◆ **WHAT TO WORK ON**:
Your answer should reproduce the full set of records exactly as given.

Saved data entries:
=-=-=
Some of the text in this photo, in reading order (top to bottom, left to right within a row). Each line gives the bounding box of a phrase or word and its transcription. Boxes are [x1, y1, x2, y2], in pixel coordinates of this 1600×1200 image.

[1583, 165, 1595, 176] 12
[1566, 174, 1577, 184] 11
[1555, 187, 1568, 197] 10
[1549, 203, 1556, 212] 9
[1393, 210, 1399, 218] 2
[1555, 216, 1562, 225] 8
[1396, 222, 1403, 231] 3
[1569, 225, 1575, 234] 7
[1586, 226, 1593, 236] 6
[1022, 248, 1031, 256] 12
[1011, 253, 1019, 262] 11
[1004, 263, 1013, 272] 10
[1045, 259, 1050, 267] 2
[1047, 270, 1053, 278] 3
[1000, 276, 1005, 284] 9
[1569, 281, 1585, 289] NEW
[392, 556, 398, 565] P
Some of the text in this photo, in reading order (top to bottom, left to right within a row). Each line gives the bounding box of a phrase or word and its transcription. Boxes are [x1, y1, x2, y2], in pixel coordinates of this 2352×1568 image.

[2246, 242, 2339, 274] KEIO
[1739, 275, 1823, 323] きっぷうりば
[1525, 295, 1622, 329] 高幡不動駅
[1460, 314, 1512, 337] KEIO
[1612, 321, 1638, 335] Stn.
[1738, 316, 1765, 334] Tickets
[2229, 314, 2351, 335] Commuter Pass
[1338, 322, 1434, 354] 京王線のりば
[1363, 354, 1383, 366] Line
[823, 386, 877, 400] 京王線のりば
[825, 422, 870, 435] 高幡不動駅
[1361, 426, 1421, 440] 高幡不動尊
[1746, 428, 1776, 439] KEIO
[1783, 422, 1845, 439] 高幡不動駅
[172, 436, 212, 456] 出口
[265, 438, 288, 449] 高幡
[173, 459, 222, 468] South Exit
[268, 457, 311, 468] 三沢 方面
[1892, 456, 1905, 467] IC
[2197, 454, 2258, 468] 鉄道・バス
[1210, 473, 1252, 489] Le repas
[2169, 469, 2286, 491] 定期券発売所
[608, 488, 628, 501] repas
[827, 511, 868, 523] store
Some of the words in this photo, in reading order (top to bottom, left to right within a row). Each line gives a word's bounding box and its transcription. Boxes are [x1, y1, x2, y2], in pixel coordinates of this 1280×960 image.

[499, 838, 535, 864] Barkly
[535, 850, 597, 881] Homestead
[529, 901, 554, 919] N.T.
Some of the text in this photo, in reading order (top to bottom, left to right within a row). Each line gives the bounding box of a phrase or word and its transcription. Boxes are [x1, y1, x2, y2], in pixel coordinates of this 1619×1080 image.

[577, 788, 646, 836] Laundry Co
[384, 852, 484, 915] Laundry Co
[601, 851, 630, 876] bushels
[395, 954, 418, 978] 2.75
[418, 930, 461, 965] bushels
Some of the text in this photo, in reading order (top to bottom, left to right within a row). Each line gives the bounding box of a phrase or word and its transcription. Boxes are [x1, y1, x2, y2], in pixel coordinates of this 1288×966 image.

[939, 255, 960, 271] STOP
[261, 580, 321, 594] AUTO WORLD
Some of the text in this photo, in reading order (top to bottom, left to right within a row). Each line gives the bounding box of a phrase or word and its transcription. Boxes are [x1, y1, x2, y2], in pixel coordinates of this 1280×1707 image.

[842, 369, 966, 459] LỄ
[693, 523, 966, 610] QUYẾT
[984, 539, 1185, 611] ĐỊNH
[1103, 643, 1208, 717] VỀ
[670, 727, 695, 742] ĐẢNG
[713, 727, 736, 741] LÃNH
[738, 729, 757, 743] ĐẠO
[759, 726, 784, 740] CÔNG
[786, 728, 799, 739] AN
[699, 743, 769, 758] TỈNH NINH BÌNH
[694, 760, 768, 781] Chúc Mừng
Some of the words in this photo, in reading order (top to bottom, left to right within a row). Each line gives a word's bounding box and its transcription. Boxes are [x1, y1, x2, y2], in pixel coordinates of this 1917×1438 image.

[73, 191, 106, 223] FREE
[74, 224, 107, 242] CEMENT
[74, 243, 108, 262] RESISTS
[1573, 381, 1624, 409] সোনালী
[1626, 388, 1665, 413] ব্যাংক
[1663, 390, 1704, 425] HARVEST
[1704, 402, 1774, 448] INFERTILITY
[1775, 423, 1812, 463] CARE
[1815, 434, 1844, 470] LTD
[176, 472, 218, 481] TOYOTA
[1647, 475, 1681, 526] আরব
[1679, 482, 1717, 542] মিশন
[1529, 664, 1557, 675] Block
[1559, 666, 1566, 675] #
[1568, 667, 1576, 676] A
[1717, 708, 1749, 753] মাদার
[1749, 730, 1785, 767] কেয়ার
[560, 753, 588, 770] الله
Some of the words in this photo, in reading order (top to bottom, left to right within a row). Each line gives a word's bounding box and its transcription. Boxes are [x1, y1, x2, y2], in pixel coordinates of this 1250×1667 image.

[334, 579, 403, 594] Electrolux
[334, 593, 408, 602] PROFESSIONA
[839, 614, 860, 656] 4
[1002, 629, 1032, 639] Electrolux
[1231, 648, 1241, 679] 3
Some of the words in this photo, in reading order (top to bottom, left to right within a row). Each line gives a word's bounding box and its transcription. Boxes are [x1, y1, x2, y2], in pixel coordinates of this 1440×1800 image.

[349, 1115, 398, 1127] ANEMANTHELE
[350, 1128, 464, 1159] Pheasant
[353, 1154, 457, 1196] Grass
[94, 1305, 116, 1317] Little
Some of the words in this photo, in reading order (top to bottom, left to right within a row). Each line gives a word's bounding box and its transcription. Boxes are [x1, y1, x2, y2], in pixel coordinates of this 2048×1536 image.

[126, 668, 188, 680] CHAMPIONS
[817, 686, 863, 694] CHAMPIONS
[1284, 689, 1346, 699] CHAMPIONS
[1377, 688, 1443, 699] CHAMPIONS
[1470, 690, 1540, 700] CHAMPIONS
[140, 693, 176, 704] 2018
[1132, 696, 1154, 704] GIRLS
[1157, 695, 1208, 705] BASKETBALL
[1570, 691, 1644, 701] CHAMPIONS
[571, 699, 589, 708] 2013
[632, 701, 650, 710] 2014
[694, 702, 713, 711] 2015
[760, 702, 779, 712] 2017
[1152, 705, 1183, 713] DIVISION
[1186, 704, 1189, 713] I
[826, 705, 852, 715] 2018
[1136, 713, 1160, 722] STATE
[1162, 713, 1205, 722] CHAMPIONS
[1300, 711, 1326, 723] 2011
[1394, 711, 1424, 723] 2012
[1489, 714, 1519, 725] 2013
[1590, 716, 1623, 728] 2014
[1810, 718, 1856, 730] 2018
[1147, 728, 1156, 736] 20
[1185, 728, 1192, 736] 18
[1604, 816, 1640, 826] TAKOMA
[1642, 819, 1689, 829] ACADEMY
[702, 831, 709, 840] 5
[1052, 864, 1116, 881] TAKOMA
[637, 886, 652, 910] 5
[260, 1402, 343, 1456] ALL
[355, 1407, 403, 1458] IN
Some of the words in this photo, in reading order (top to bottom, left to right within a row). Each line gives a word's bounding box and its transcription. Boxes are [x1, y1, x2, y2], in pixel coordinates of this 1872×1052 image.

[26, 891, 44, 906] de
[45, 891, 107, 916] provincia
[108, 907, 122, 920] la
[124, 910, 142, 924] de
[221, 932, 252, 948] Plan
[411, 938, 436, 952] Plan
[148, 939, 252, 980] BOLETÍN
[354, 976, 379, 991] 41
=-=-=
◆ **RESPONSE TO THIS EXERCISE**:
Some of the text in this photo, in reading order (top to bottom, left to right within a row). Each line gives the bounding box of a phrase or word and its transcription. Boxes are [x1, y1, x2, y2], in pixel coordinates of this 1600×1200 image.

[1583, 165, 1595, 176] 12
[1566, 174, 1577, 184] 11
[1555, 187, 1568, 197] 10
[1549, 203, 1556, 212] 9
[1393, 210, 1399, 218] 2
[1555, 216, 1562, 225] 8
[1396, 222, 1403, 231] 3
[1569, 225, 1575, 234] 7
[1586, 226, 1593, 236] 6
[1022, 248, 1031, 256] 12
[1011, 253, 1019, 262] 11
[1004, 263, 1013, 272] 10
[1045, 259, 1050, 267] 2
[1047, 270, 1053, 278] 3
[1000, 276, 1005, 284] 9
[1569, 281, 1585, 289] NEW
[392, 556, 398, 565] P
Some of the text in this photo, in reading order (top to bottom, left to right within a row). Each line gives the bounding box of a phrase or word and its transcription. Boxes are [x1, y1, x2, y2], in pixel coordinates of this 2352×1568 image.

[2246, 242, 2339, 274] KEIO
[1739, 275, 1823, 323] きっぷうりば
[1525, 295, 1622, 329] 高幡不動駅
[1460, 314, 1512, 337] KEIO
[1612, 321, 1638, 335] Stn.
[1738, 316, 1765, 334] Tickets
[2229, 314, 2351, 335] Commuter Pass
[1338, 322, 1434, 354] 京王線のりば
[1363, 354, 1383, 366] Line
[823, 386, 877, 400] 京王線のりば
[825, 422, 870, 435] 高幡不動駅
[1361, 426, 1421, 440] 高幡不動尊
[1746, 428, 1776, 439] KEIO
[1783, 422, 1845, 439] 高幡不動駅
[172, 436, 212, 456] 出口
[265, 438, 288, 449] 高幡
[173, 459, 222, 468] South Exit
[268, 457, 311, 468] 三沢 方面
[1892, 456, 1905, 467] IC
[2197, 454, 2258, 468] 鉄道・バス
[1210, 473, 1252, 489] Le repas
[2169, 469, 2286, 491] 定期券発売所
[608, 488, 628, 501] repas
[827, 511, 868, 523] store
Some of the words in this photo, in reading order (top to bottom, left to right within a row). Each line gives a word's bounding box and its transcription. Boxes are [x1, y1, x2, y2], in pixel coordinates of this 1280×960 image.

[499, 838, 535, 864] Barkly
[535, 850, 597, 881] Homestead
[529, 901, 554, 919] N.T.
Some of the text in this photo, in reading order (top to bottom, left to right within a row). Each line gives the bounding box of a phrase or word and its transcription. Boxes are [x1, y1, x2, y2], in pixel coordinates of this 1619×1080 image.

[577, 788, 646, 836] Laundry Co
[384, 852, 484, 915] Laundry Co
[601, 851, 630, 876] bushels
[395, 954, 418, 978] 2.75
[418, 930, 461, 965] bushels
Some of the text in this photo, in reading order (top to bottom, left to right within a row). Each line gives the bounding box of a phrase or word and its transcription. Boxes are [x1, y1, x2, y2], in pixel coordinates of this 1288×966 image.

[939, 255, 960, 271] STOP
[261, 580, 321, 594] AUTO WORLD
Some of the text in this photo, in reading order (top to bottom, left to right within a row). Each line gives the bounding box of a phrase or word and its transcription. Boxes are [x1, y1, x2, y2], in pixel coordinates of this 1280×1707 image.

[842, 369, 966, 459] LỄ
[693, 523, 966, 610] QUYẾT
[984, 539, 1185, 611] ĐỊNH
[1103, 643, 1208, 717] VỀ
[670, 727, 695, 742] ĐẢNG
[713, 727, 736, 741] LÃNH
[738, 729, 757, 743] ĐẠO
[759, 726, 784, 740] CÔNG
[786, 728, 799, 739] AN
[699, 743, 769, 758] TỈNH NINH BÌNH
[694, 760, 768, 781] Chúc Mừng
Some of the words in this photo, in reading order (top to bottom, left to right within a row). Each line gives a word's bounding box and its transcription. Boxes are [x1, y1, x2, y2], in pixel coordinates of this 1917×1438 image.

[73, 191, 106, 223] FREE
[74, 224, 107, 242] CEMENT
[74, 243, 108, 262] RESISTS
[1573, 381, 1624, 409] সোনালী
[1626, 388, 1665, 413] ব্যাংক
[1663, 390, 1704, 425] HARVEST
[1704, 402, 1774, 448] INFERTILITY
[1775, 423, 1812, 463] CARE
[1815, 434, 1844, 470] LTD
[176, 472, 218, 481] TOYOTA
[1647, 475, 1681, 526] আরব
[1679, 482, 1717, 542] মিশন
[1529, 664, 1557, 675] Block
[1559, 666, 1566, 675] #
[1568, 667, 1576, 676] A
[1717, 708, 1749, 753] মাদার
[1749, 730, 1785, 767] কেয়ার
[560, 753, 588, 770] الله
Some of the words in this photo, in reading order (top to bottom, left to right within a row). Each line gives a word's bounding box and its transcription. Boxes are [x1, y1, x2, y2], in pixel coordinates of this 1250×1667 image.

[334, 579, 403, 594] Electrolux
[334, 593, 408, 602] PROFESSIONA
[839, 614, 860, 656] 4
[1002, 629, 1032, 639] Electrolux
[1231, 648, 1241, 679] 3
Some of the words in this photo, in reading order (top to bottom, left to right within a row). Each line gives a word's bounding box and its transcription. Boxes are [x1, y1, x2, y2], in pixel coordinates of this 1440×1800 image.

[349, 1115, 398, 1127] ANEMANTHELE
[350, 1128, 464, 1159] Pheasant
[353, 1154, 457, 1196] Grass
[94, 1305, 116, 1317] Little
Some of the words in this photo, in reading order (top to bottom, left to right within a row). Each line gives a word's bounding box and its transcription. Boxes are [x1, y1, x2, y2], in pixel coordinates of this 2048×1536 image.

[126, 668, 188, 680] CHAMPIONS
[817, 686, 863, 694] CHAMPIONS
[1284, 689, 1346, 699] CHAMPIONS
[1377, 688, 1443, 699] CHAMPIONS
[1470, 690, 1540, 700] CHAMPIONS
[140, 693, 176, 704] 2018
[1132, 696, 1154, 704] GIRLS
[1157, 695, 1208, 705] BASKETBALL
[1570, 691, 1644, 701] CHAMPIONS
[571, 699, 589, 708] 2013
[632, 701, 650, 710] 2014
[694, 702, 713, 711] 2015
[760, 702, 779, 712] 2017
[1152, 705, 1183, 713] DIVISION
[1186, 704, 1189, 713] I
[826, 705, 852, 715] 2018
[1136, 713, 1160, 722] STATE
[1162, 713, 1205, 722] CHAMPIONS
[1300, 711, 1326, 723] 2011
[1394, 711, 1424, 723] 2012
[1489, 714, 1519, 725] 2013
[1590, 716, 1623, 728] 2014
[1810, 718, 1856, 730] 2018
[1147, 728, 1156, 736] 20
[1185, 728, 1192, 736] 18
[1604, 816, 1640, 826] TAKOMA
[1642, 819, 1689, 829] ACADEMY
[702, 831, 709, 840] 5
[1052, 864, 1116, 881] TAKOMA
[637, 886, 652, 910] 5
[260, 1402, 343, 1456] ALL
[355, 1407, 403, 1458] IN
Some of the words in this photo, in reading order (top to bottom, left to right within a row). Each line gives a word's bounding box and its transcription. Boxes are [x1, y1, x2, y2], in pixel coordinates of this 1872×1052 image.

[26, 891, 44, 906] de
[45, 891, 107, 916] provincia
[108, 907, 122, 920] la
[124, 910, 142, 924] de
[221, 932, 252, 948] Plan
[411, 938, 436, 952] Plan
[148, 939, 252, 980] BOLETÍN
[354, 976, 379, 991] 41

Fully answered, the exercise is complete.